In your copy, leave out the pictures and repeat every record exactly.

....

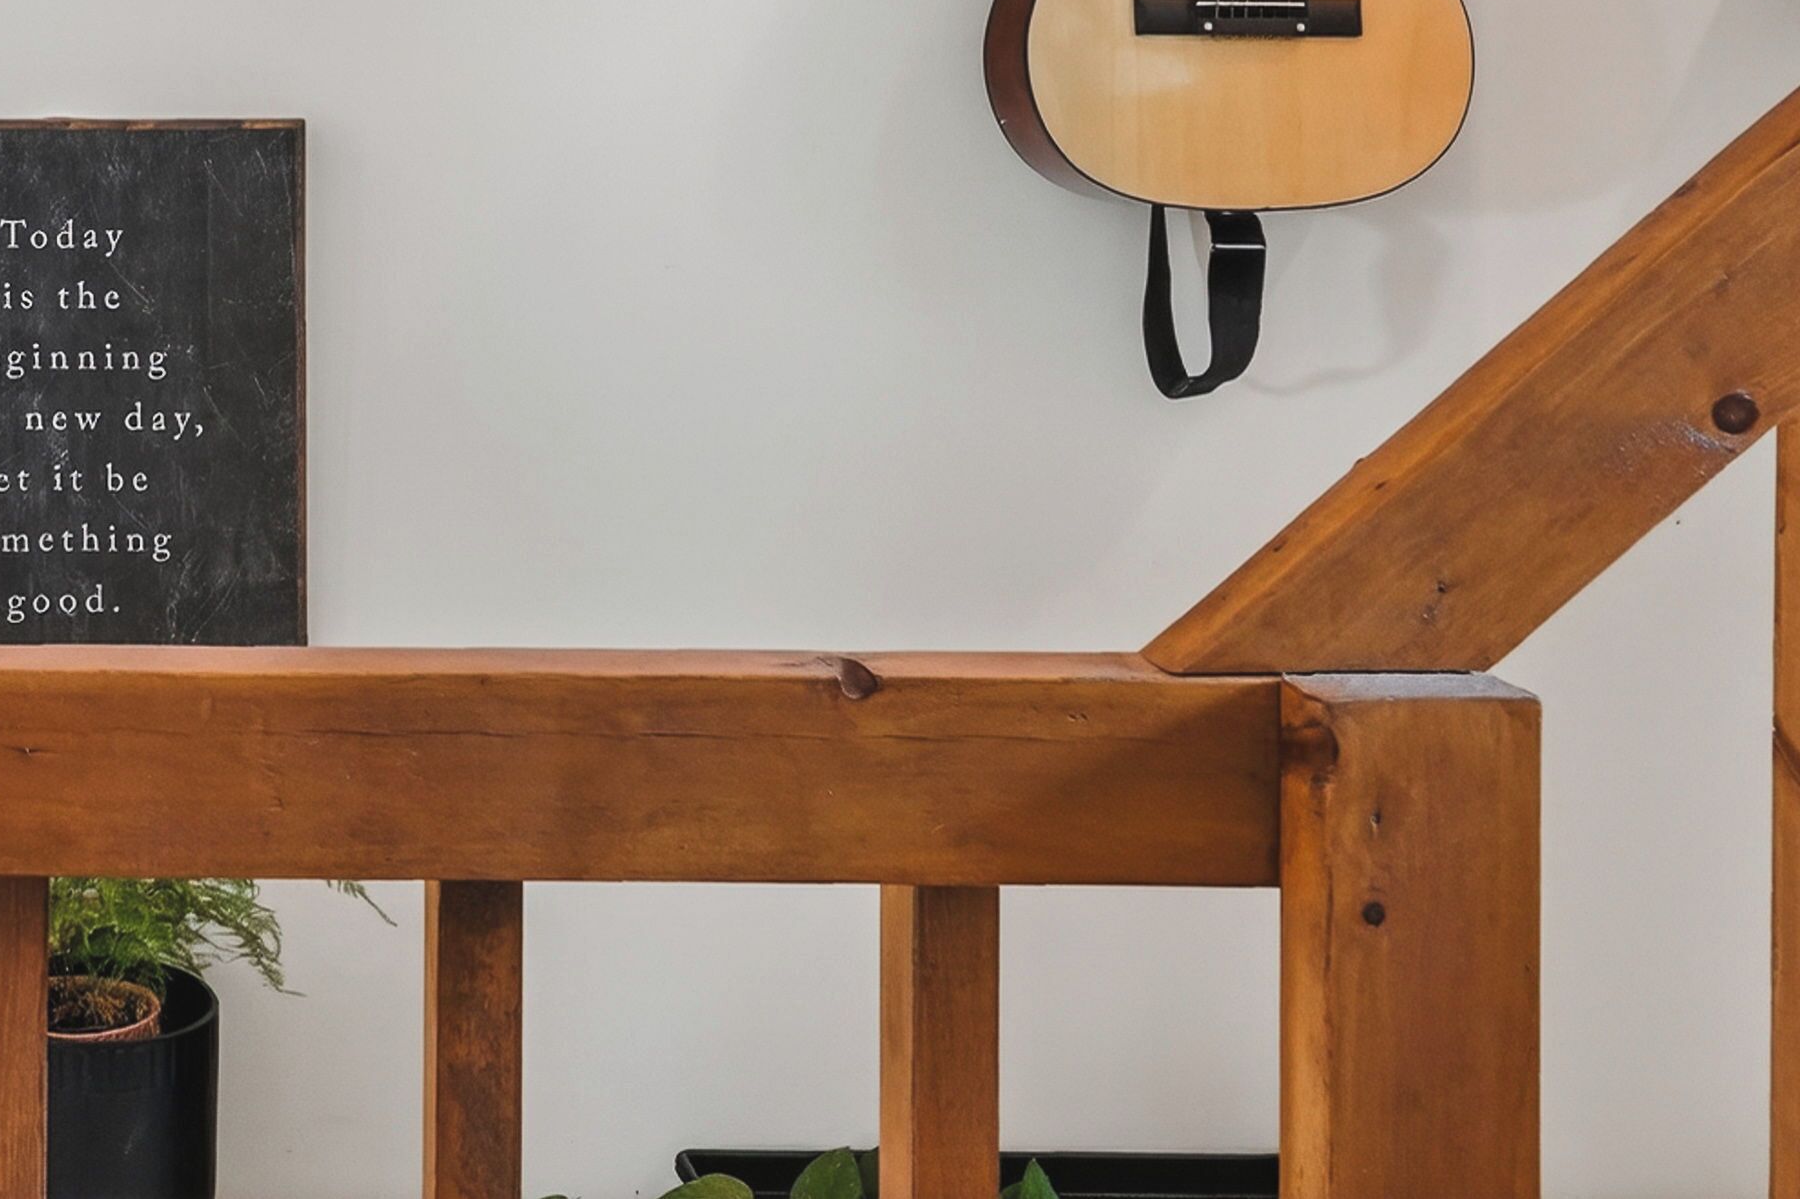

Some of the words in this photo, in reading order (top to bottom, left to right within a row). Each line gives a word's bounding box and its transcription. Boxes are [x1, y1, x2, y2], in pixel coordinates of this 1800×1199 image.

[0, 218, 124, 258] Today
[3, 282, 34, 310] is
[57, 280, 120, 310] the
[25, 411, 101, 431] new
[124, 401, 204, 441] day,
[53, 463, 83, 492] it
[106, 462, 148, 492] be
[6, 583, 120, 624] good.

....

◆ Problem solution:
Some of the words in this photo, in reading order (top to bottom, left to right within a row). Each line gives a word's bounding box and its transcription. Boxes are [x1, y1, x2, y2], in pixel coordinates of this 1800×1199 image.

[0, 218, 124, 258] Today
[3, 282, 34, 310] is
[57, 280, 120, 310] the
[25, 411, 101, 431] new
[124, 401, 204, 441] day,
[53, 463, 83, 492] it
[106, 462, 148, 492] be
[6, 583, 120, 624] good.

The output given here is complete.